Vergi, Maliye, Ekonomi, Sosyal Güvenlik, Ticaret Hukuku Hakkındaki Herşey

Vergi

Recep BIYIK
Recep BIYIK
673OKUNMA

İştirakin tasfiyesinden doğan zararlar

Konu

İştirakin tasfiyesinden doğan zararların, kurum kazancının tespitinde dikkate alınıp alınamayacağı konusu yıllardır tartışmalı. Yeni tarihli bir Danıştay Veri Dava Daireleri Kurul (DVDDK) Kararı nedeniyle konuyu toparlamak ve özetlemek istedim.

Mali İdare görüşü

Bu makalenin yazımı sırasında tespit edebildiğim ve incelediğim 8 özelgenin 4’ünde, iştirakin tasfiyesinden doğan zararın kurum kazancının tespitinde dikkate alınabileceği, 4’ünde ise alınamayacağı belirtilmiş.

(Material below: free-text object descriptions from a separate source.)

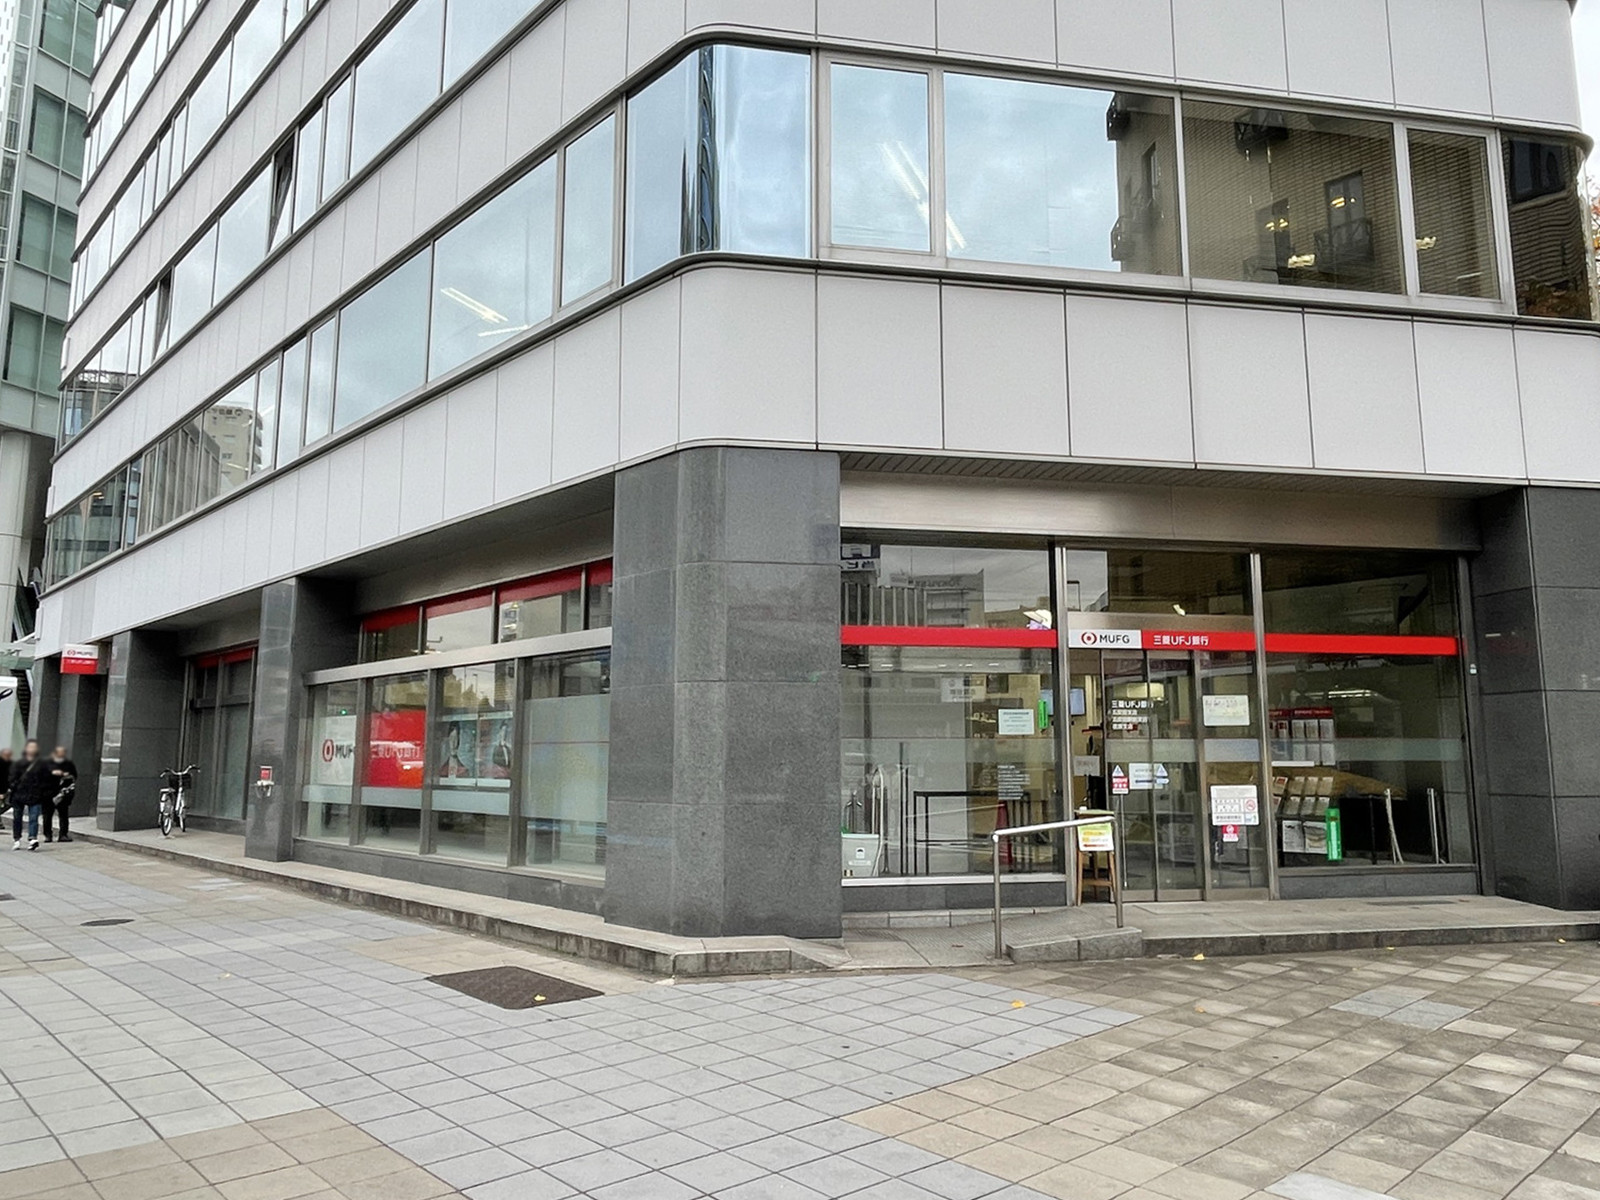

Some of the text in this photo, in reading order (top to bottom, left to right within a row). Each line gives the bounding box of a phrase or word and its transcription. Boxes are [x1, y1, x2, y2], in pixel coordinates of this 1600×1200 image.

[1099, 634, 1130, 644] MUFG
[1153, 635, 1209, 646] 三菱UFJ銀行
[335, 744, 354, 759] MUF
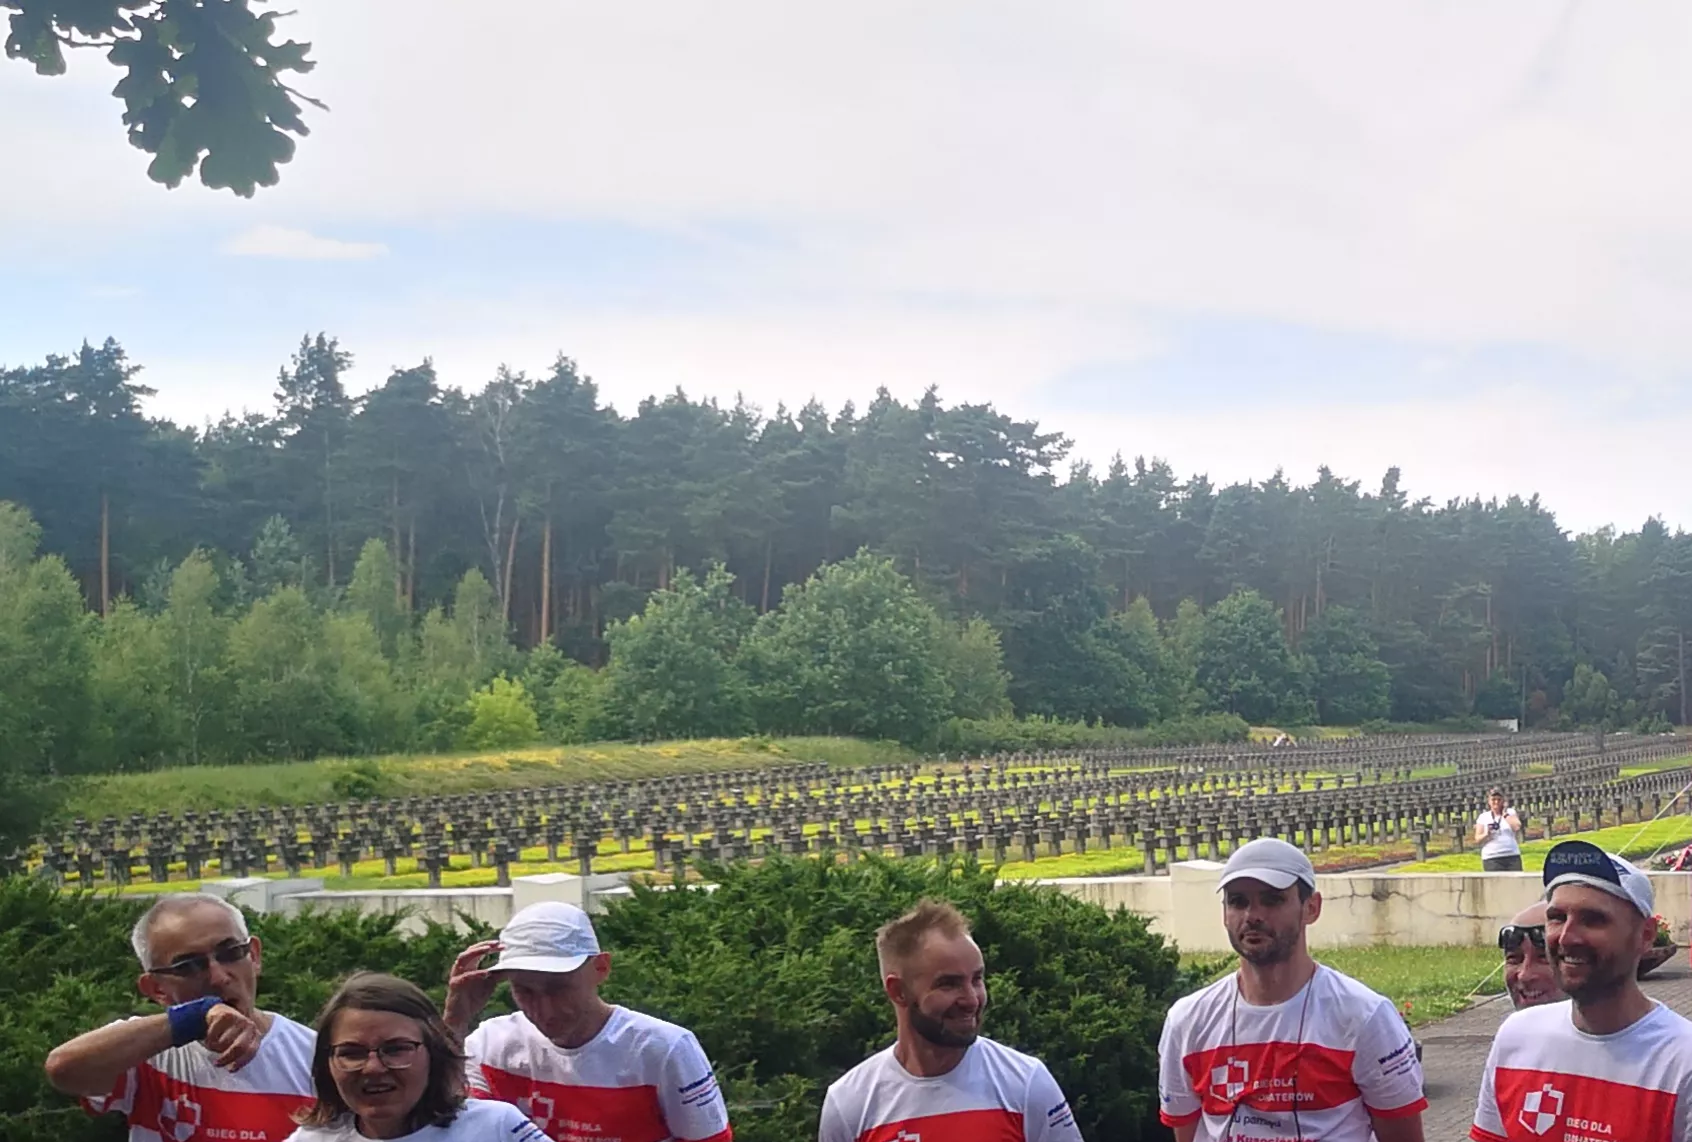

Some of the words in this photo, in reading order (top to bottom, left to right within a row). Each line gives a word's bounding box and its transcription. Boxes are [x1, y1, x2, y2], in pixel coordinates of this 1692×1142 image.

[1590, 1121, 1612, 1134] DLA
[206, 1128, 237, 1140] BIEG
[240, 1130, 267, 1141] DLA
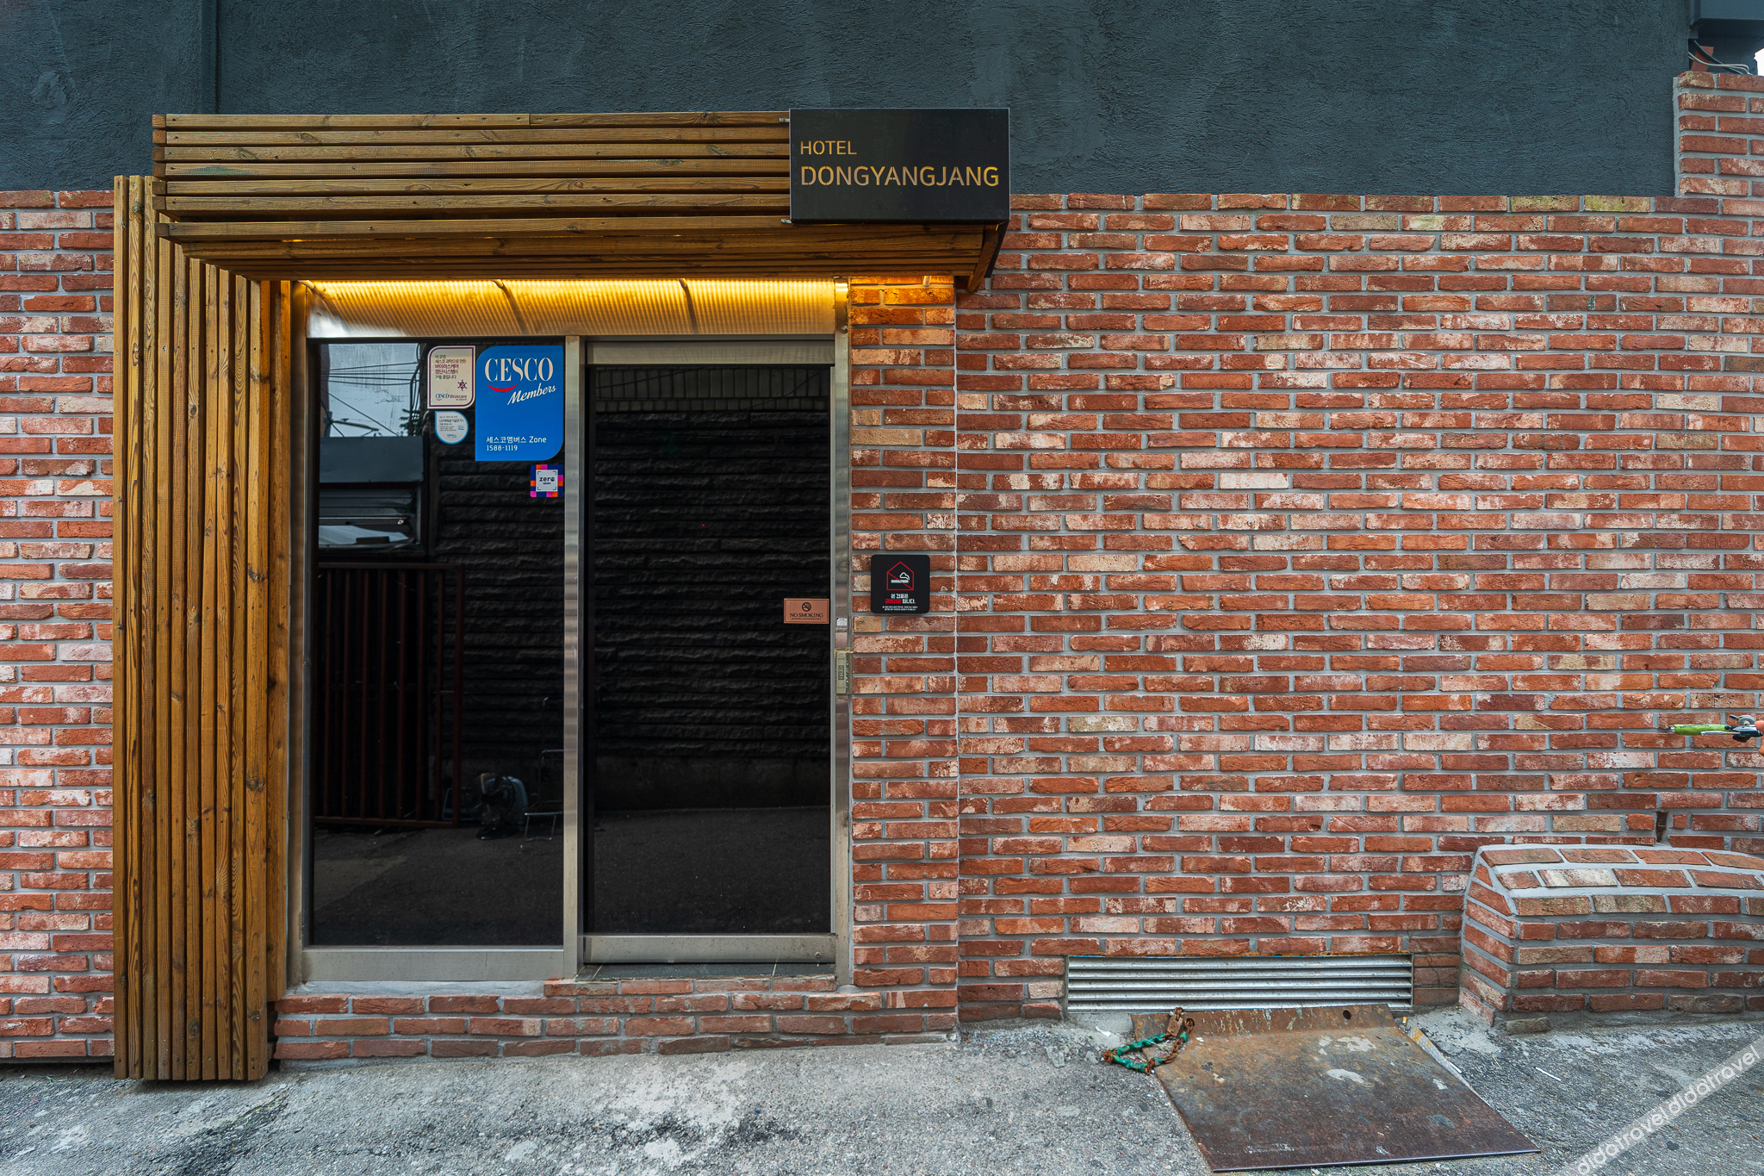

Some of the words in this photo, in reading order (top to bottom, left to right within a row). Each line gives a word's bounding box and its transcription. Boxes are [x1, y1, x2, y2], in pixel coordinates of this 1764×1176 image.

[800, 140, 857, 155] HOTEL
[801, 166, 999, 186] DONGYANGJANG
[484, 357, 554, 382] CESCO
[507, 382, 557, 406] Members
[486, 436, 527, 444] 세스코멤버스
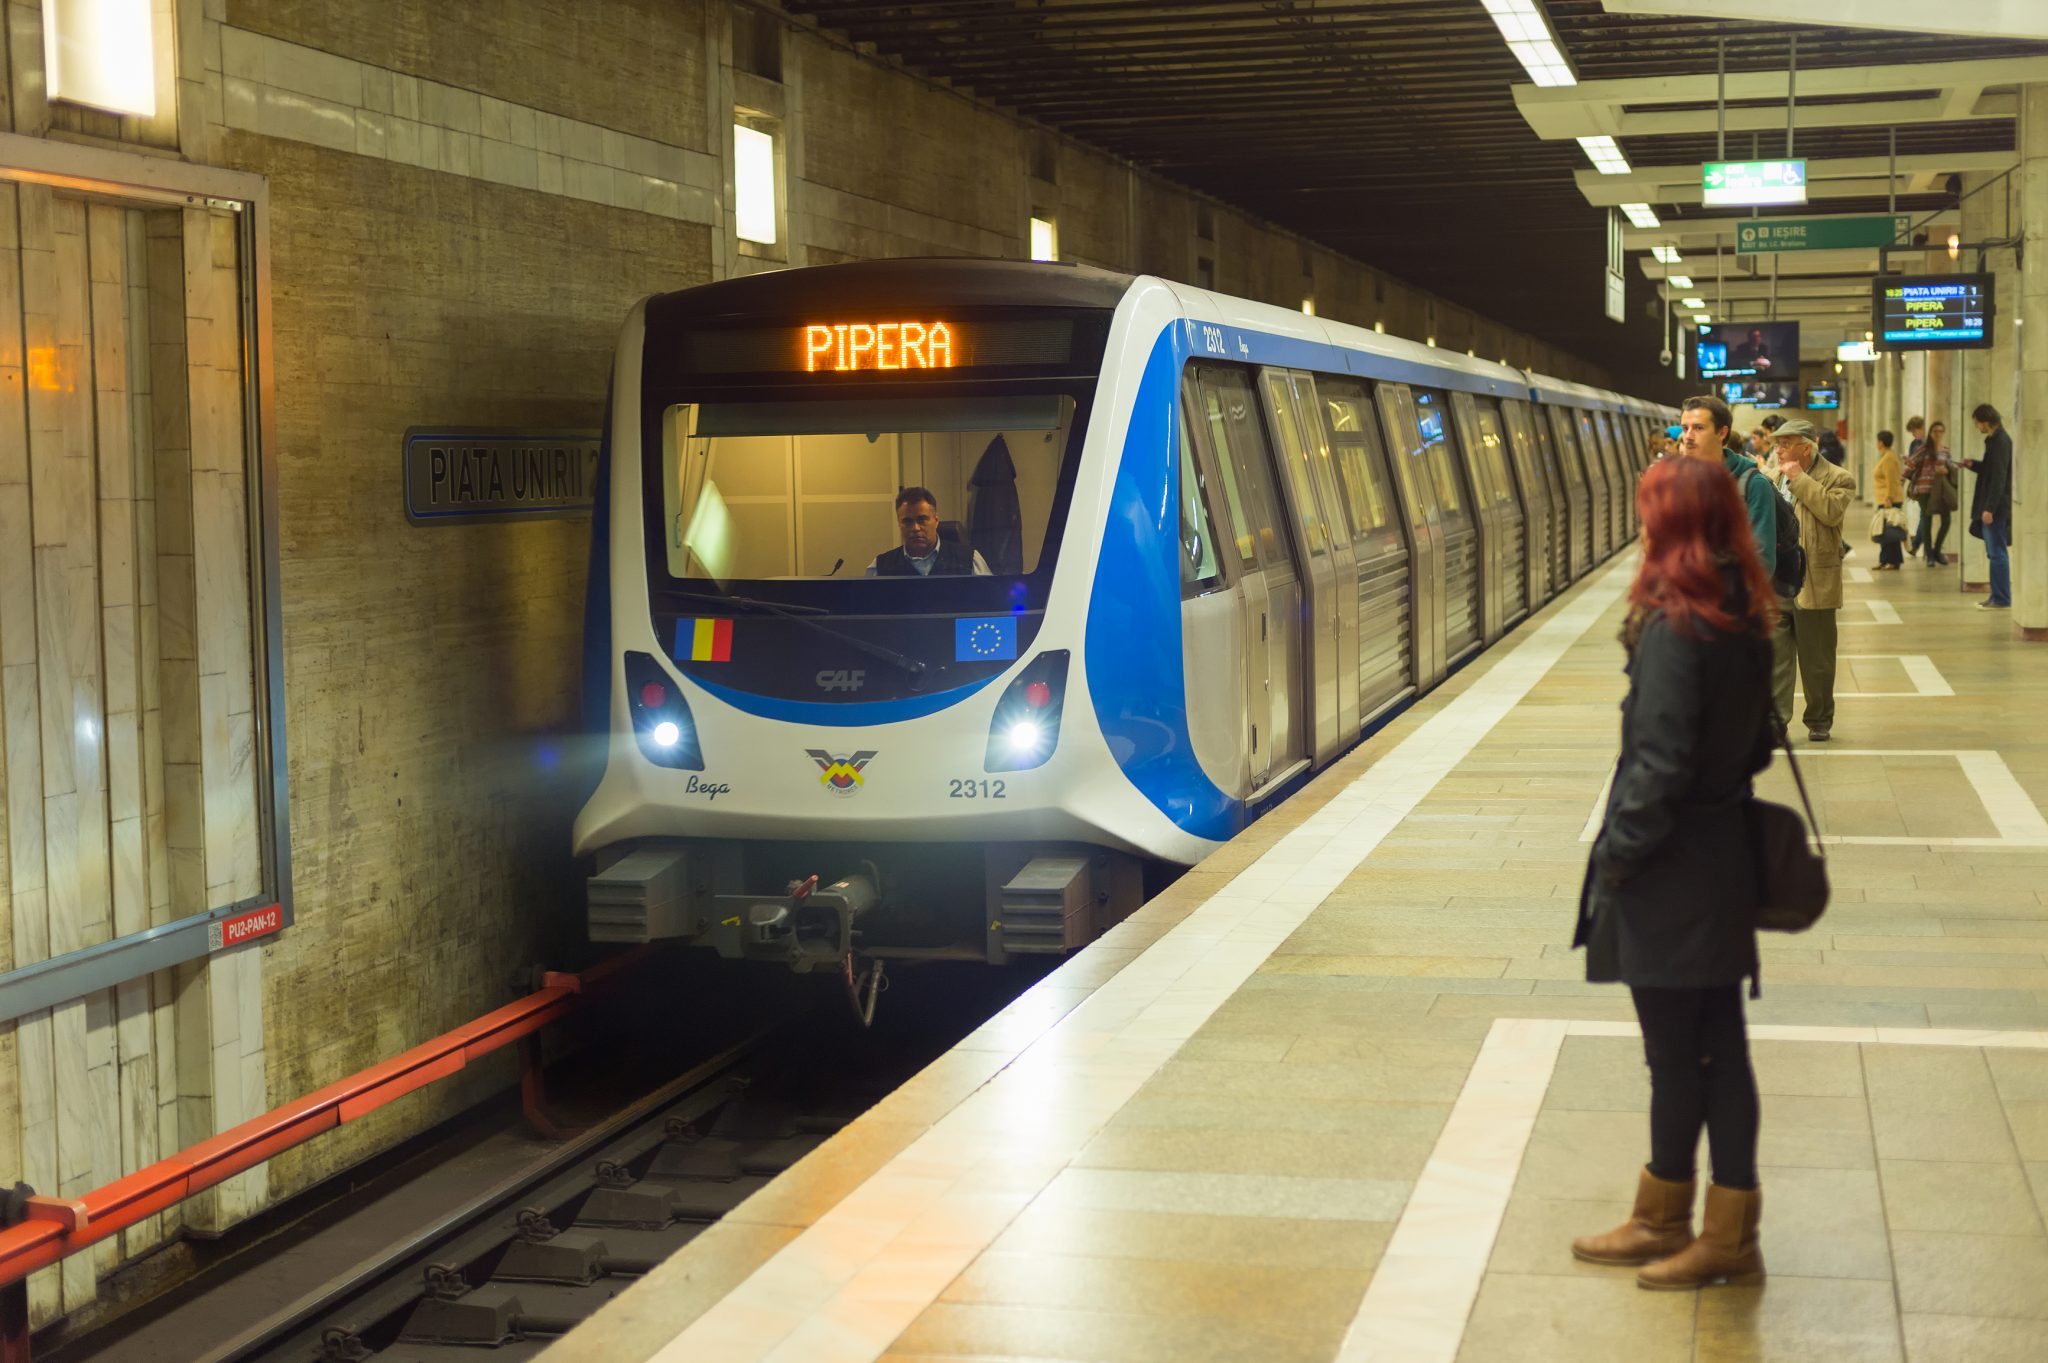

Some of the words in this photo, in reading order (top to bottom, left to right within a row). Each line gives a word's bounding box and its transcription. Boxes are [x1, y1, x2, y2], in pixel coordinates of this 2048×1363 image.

İştirakin tasfiyesinden doğan zararın kazancın tespitinde dikkate alınabileceğini belirten özelgeler 2002, 2005 ve 2006, alınamayacağına ilişkin özelgeler ise 2008, 2011, 2015 ve 2022 tarihli.

Özelgelerin gerekçelerini de kısaca özetleyeyim.

İştirakin tasfiyesinden doğan zararın kazancın tespitinde dikkate alınabileceğini belirten özelgeler, Gelir Vergisi Kanunu’nun 38. maddesi hükmüne dayanılarak verilmiş. Gider yazmaya engel bir düzenleme olmadığı sonucuna ulaşılmış.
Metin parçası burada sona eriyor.